Structural characteristics of the Trypanosoma cruzi ribosomal P0 protein have a major role in the induction of pathogenic antibodies in Chagas disease

CRISTIAN SMULSKI; MARTÍN EDREIRA; MAXIMILIANO JURI AYUB; PABLO LÓPEZ BERGAMI; CARLOS AGUILAR; MARIANO LEVIN

Villa Carlos Paz, Córdoba, Argentina.

Congreso; XXXVIII Reunión Anual de la Sociedad Argentina de Investigación en Bioquímica y Biología Molecular; 2002

In human and murine infection with T. cruzi, humoral response against the ribosomal P proteins (P0, P1, P2a and P2b) is directed to the C-terminal regions, and for P0 it is exclusively directed to the C-terminal epitope P015. In contrast immunization with recombinant MBP-P0 induced antibodies against the whole protein, indicating the presence of antigenic sites others than the C-terminal epitope. Evidences collected from biophysical determinations, limited proteolysis assays and mapping with sera and monoclonal antibodies, allowed to propose that P0 presents a highly flexible, unstructured C-terminal domain, fused through an exposed loop to a large globular N-terminal domain. Thus, in the infection the central and the N-terminal epitopes of P0 would be hidden into the compact tertiary structure. In contrast, immunization with an unfolded recombinant P0 protein would allow the presentation of hidden epitopes.
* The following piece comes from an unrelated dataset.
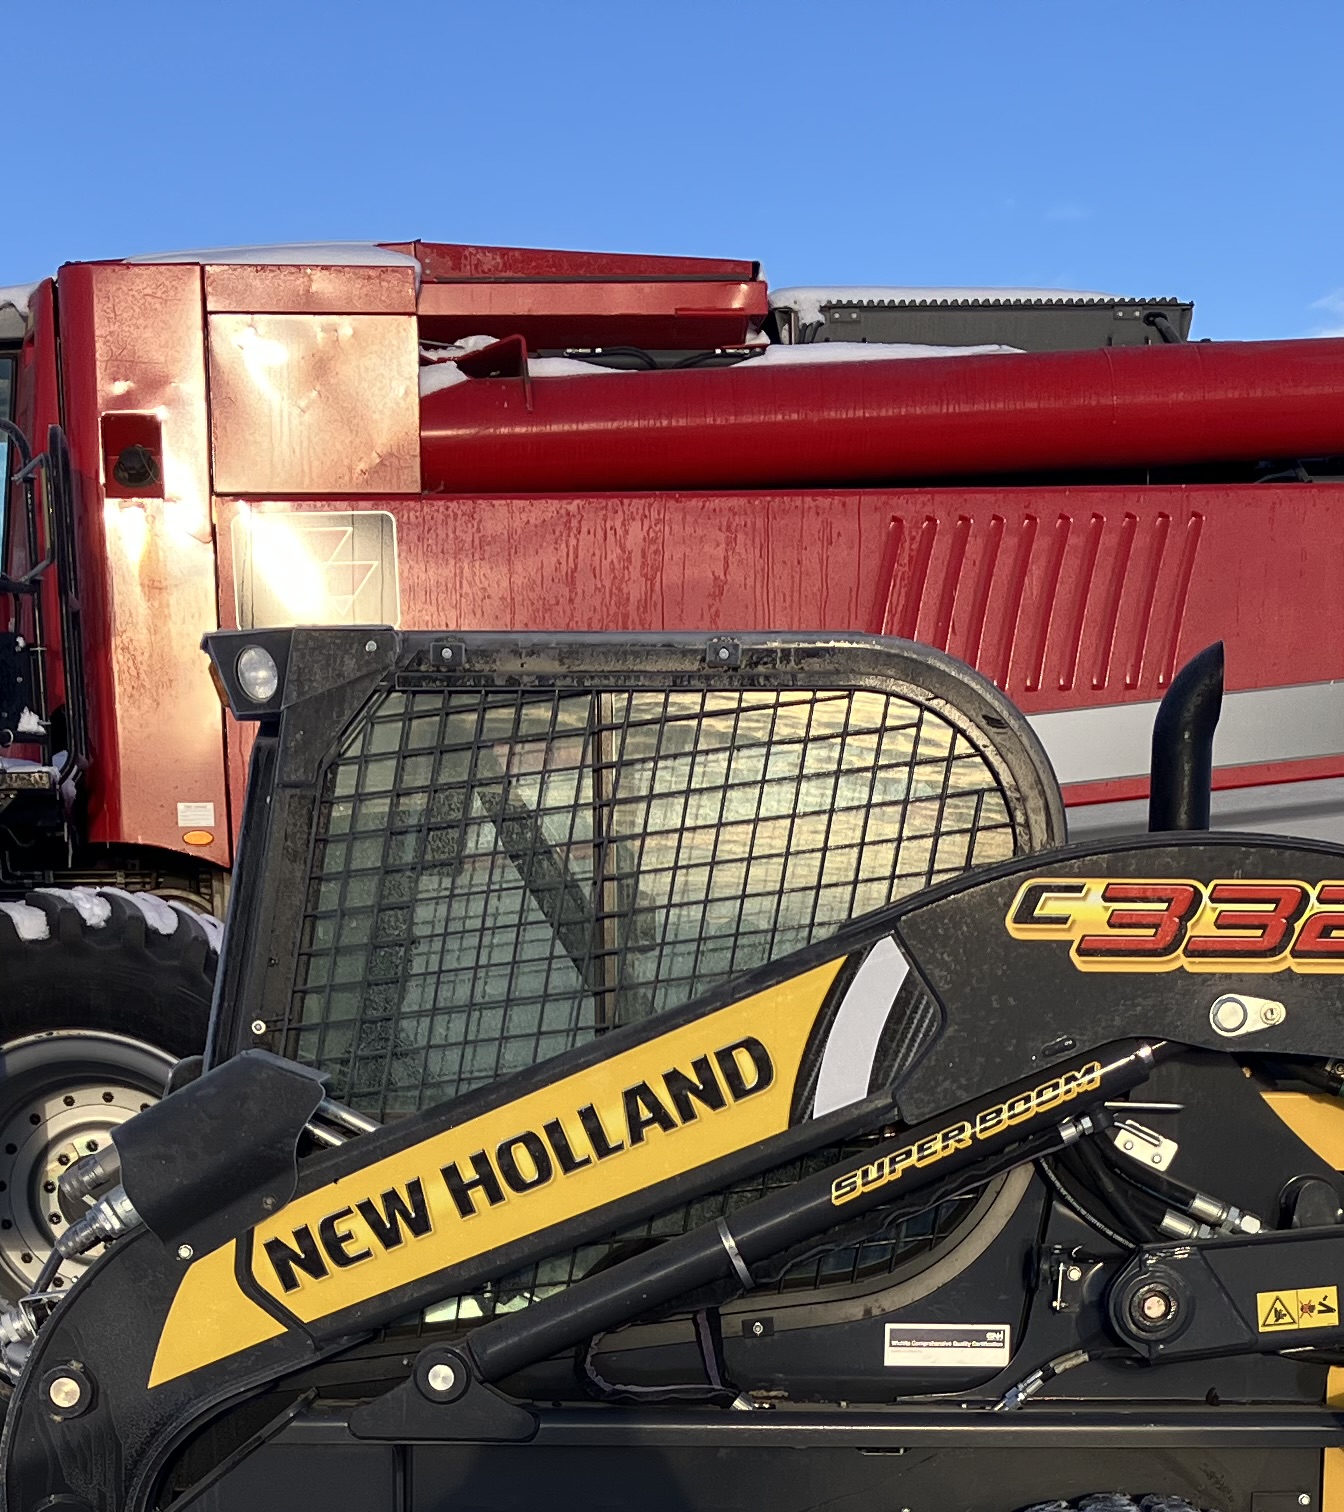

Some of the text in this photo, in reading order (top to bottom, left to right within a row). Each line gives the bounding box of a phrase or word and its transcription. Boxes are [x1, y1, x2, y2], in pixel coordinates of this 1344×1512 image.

Using yeast two hybrid assay we demonstrated the physical interaction between P0 and P1. The inclusion of P0, through its interaction with P1, in the P protein pentameric complex that forms the T. cruzi ribosome stalk, highlights the relevance of the flexibility and exposure of the C-terminal end of P0 in inducing an humoral response during infection.